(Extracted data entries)
..............................
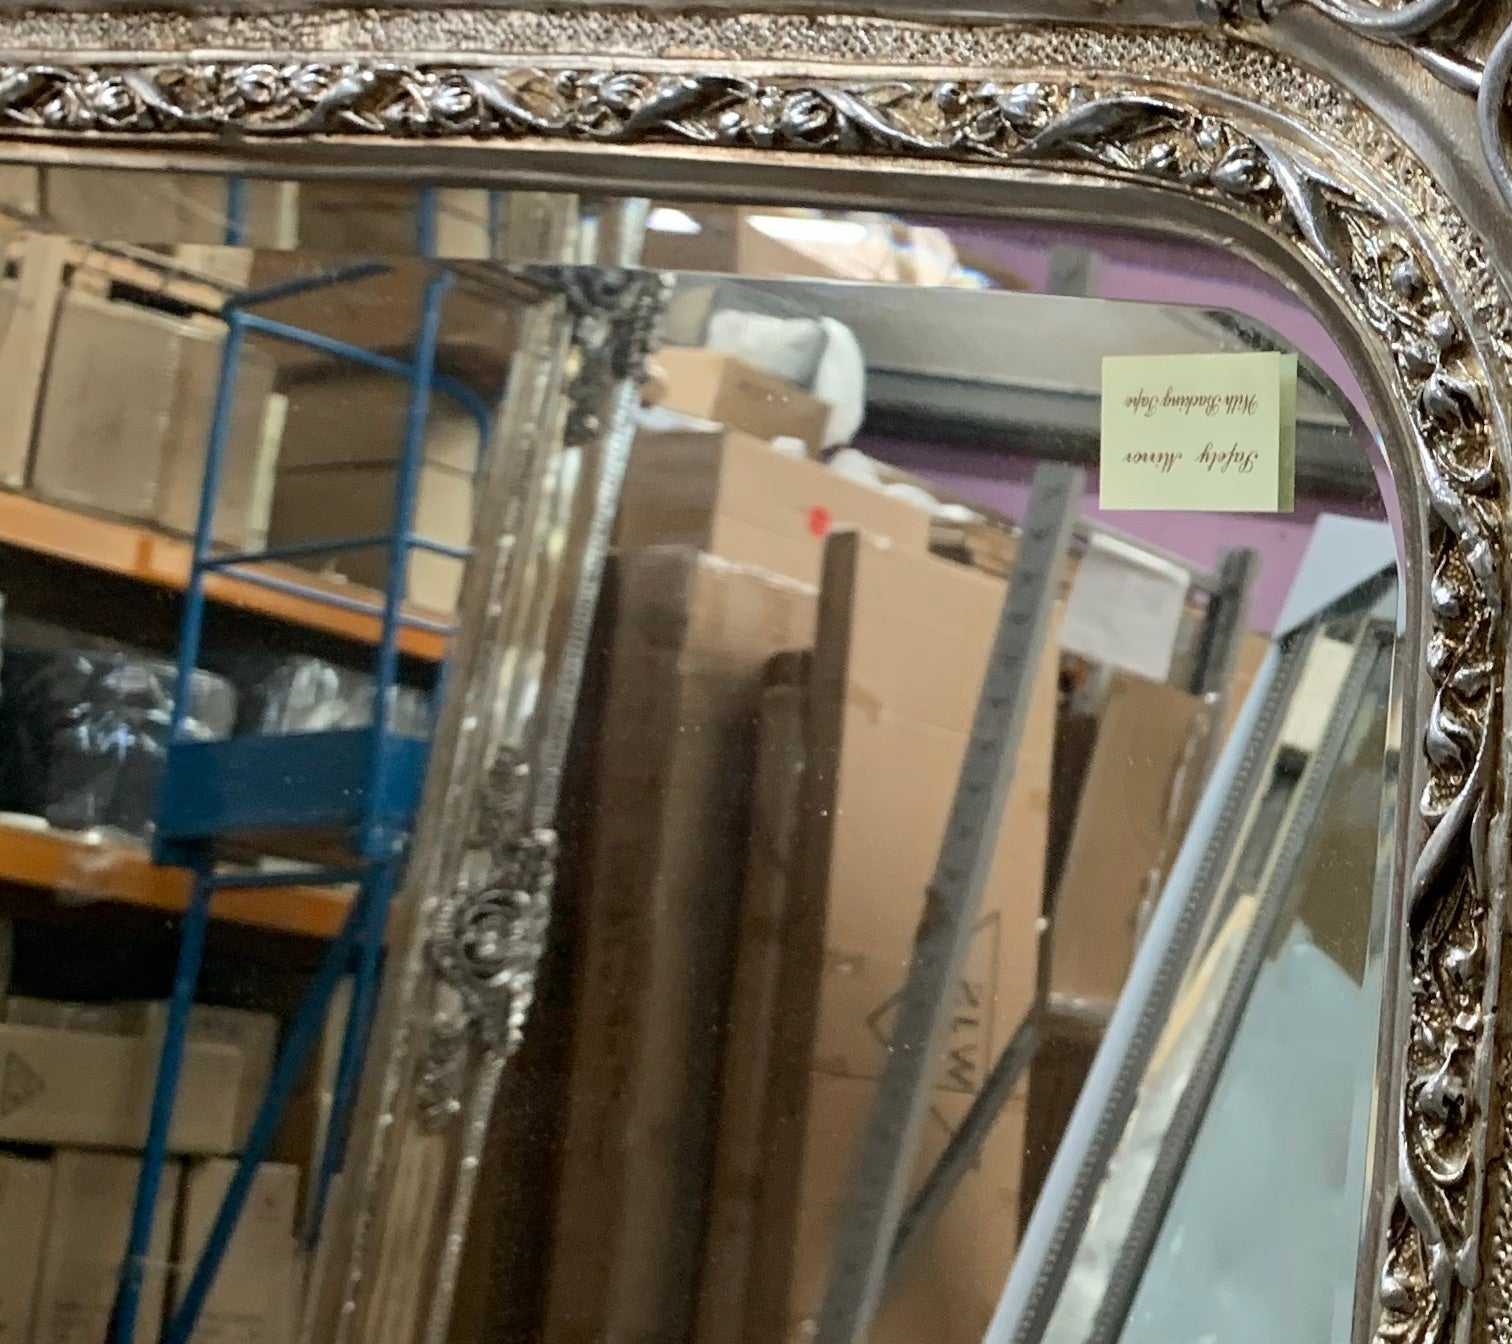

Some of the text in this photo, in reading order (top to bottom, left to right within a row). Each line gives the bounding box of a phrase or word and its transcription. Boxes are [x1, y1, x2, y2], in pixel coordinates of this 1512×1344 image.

[1123, 386, 1259, 418] With Backing Tape
[1122, 441, 1259, 474] Safety Mirror
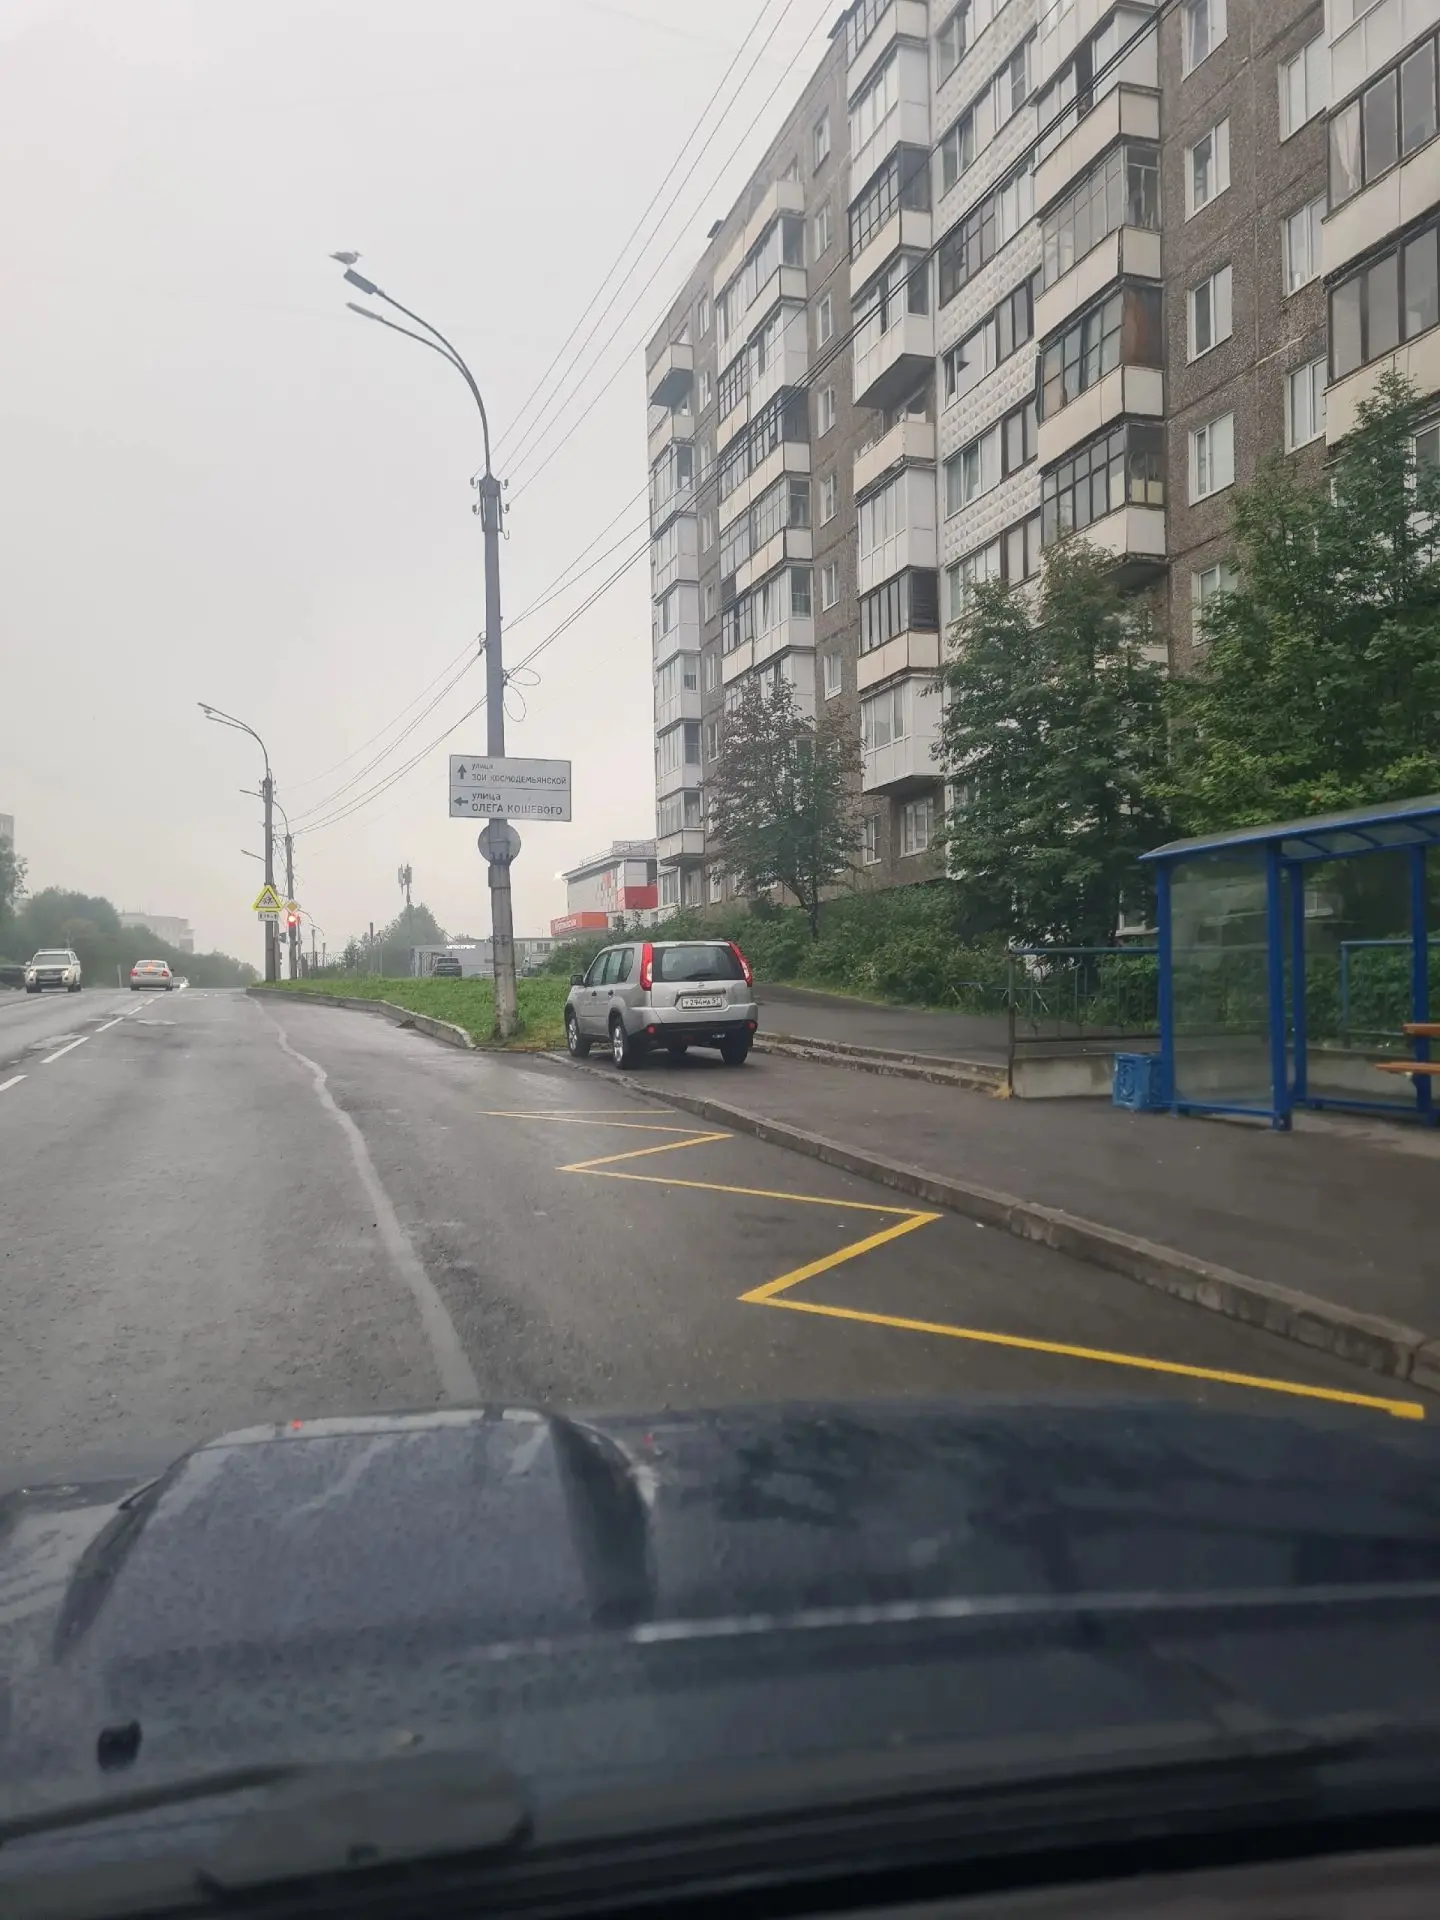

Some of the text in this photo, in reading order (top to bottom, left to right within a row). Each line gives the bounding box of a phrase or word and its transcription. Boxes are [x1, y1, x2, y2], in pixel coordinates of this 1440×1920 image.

[471, 763, 494, 771] улица
[471, 773, 487, 781] ЗОИ
[471, 792, 501, 802] улица
[471, 803, 563, 815] ОЛЕГА КОШЕВОГО
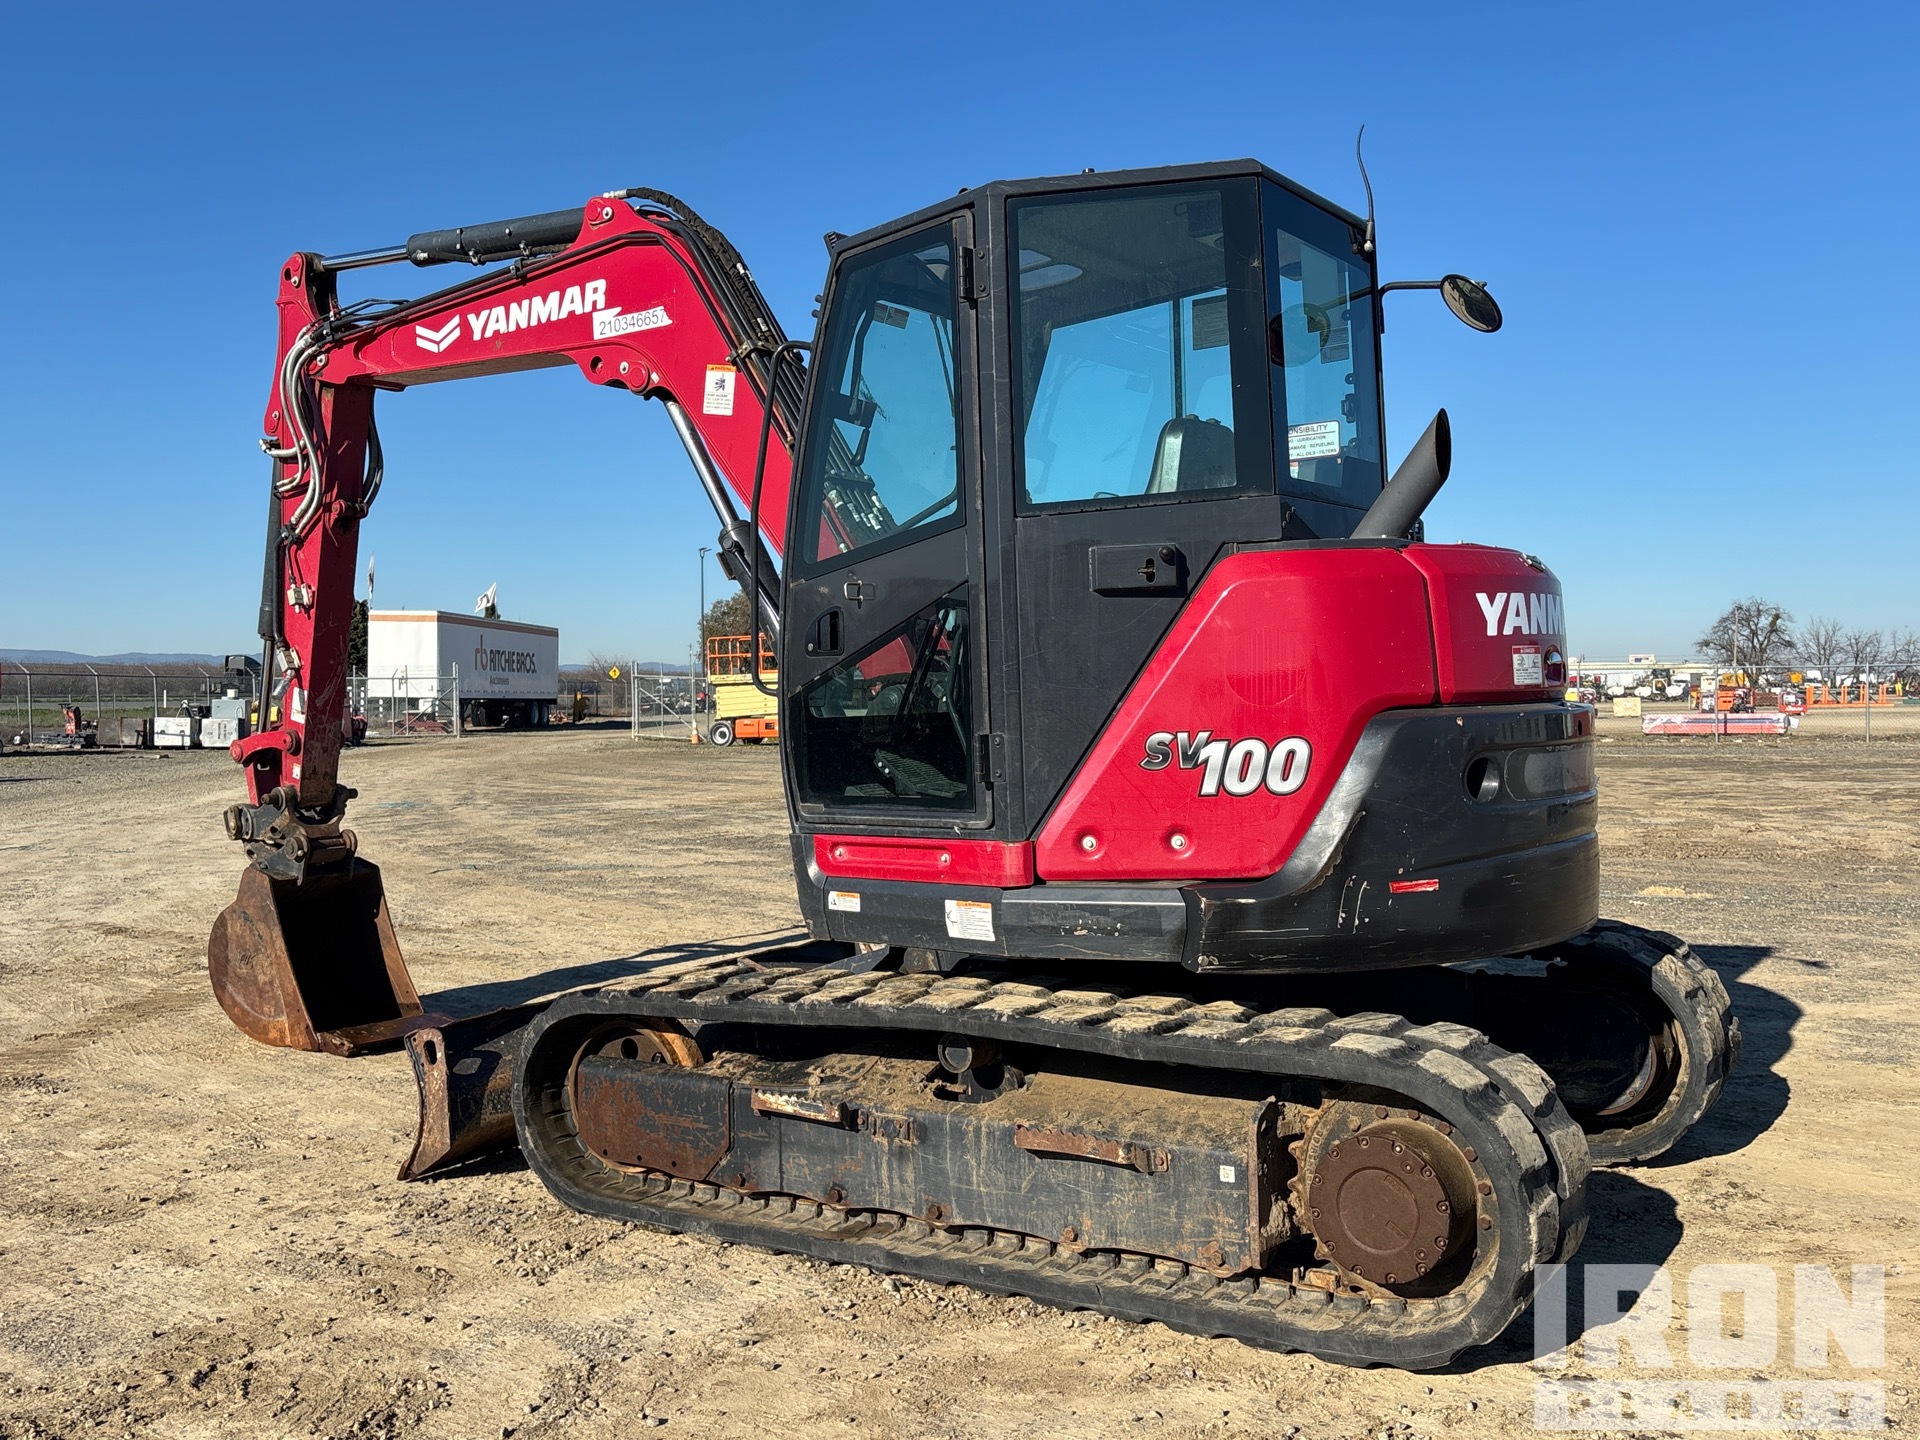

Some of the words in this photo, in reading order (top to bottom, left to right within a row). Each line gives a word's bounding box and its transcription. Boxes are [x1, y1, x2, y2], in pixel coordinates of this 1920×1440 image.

[467, 279, 606, 341] YANMAR
[599, 309, 665, 336] 210346657
[1475, 592, 1564, 637] YANM
[489, 649, 515, 673] RITCHIE
[516, 651, 537, 674] BROS.
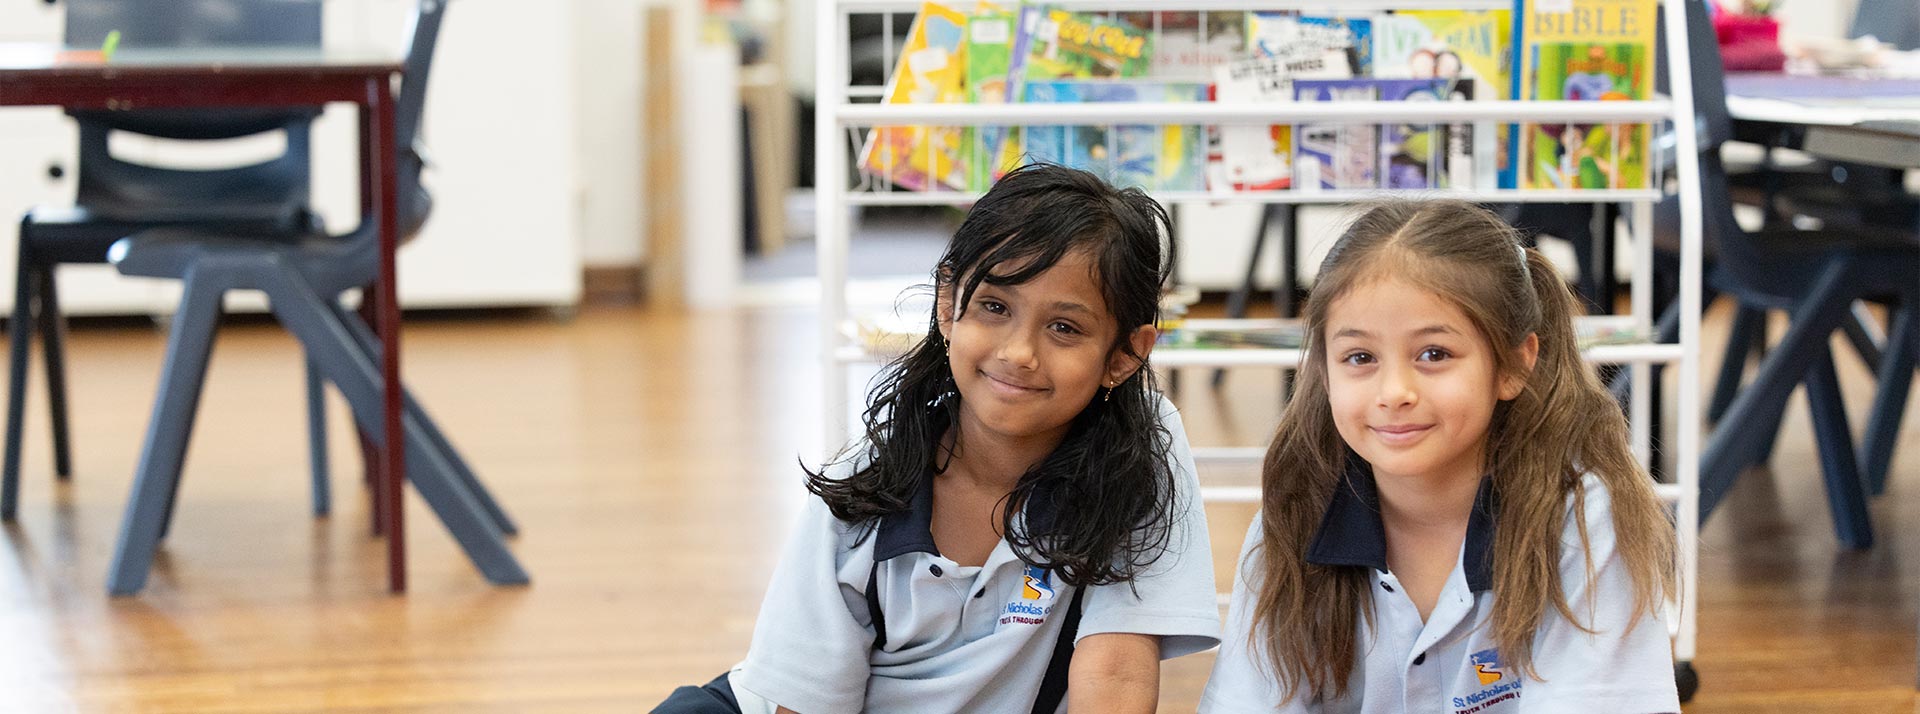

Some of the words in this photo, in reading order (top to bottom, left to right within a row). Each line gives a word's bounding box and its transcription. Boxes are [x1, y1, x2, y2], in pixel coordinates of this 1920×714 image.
..............................
### TASK DETAILS
Repeat each record as given. No picture belongs in the copy.

### TASK RESULT
Some of the text in this photo, in reading order (top to bottom, left to right within a row). Each line gives the bounding box of a phrase or word and its transcription. Boxes are [x1, y1, x2, y2], in pixel coordinates of this 1512×1344 image.

[1123, 386, 1259, 418] With Backing Tape
[1122, 441, 1259, 474] Safety Mirror

Some of the text in this photo, in reading order (top to bottom, left to right within a row). Each line gives the bounding box of a phrase or word and its transcription. Boxes are [x1, y1, x2, y2], in pixel coordinates of this 1440×1920 image.

[471, 763, 494, 771] улица
[471, 773, 487, 781] ЗОИ
[471, 792, 501, 802] улица
[471, 803, 563, 815] ОЛЕГА КОШЕВОГО

Some of the words in this photo, in reading order (top to bottom, left to right within a row). Each line gives a word's bounding box and its transcription. Boxes are [x1, y1, x2, y2], in pixel coordinates of this 1920×1440 image.

[467, 279, 606, 341] YANMAR
[599, 309, 665, 336] 210346657
[1475, 592, 1564, 637] YANM
[489, 649, 515, 673] RITCHIE
[516, 651, 537, 674] BROS.

Some of the words in this photo, in reading order (top to bottom, left to right within a row). Each line gives a word's bounding box and its transcription. Boxes are [x1, y1, x2, y2], in pixel coordinates of this 1920×714 image.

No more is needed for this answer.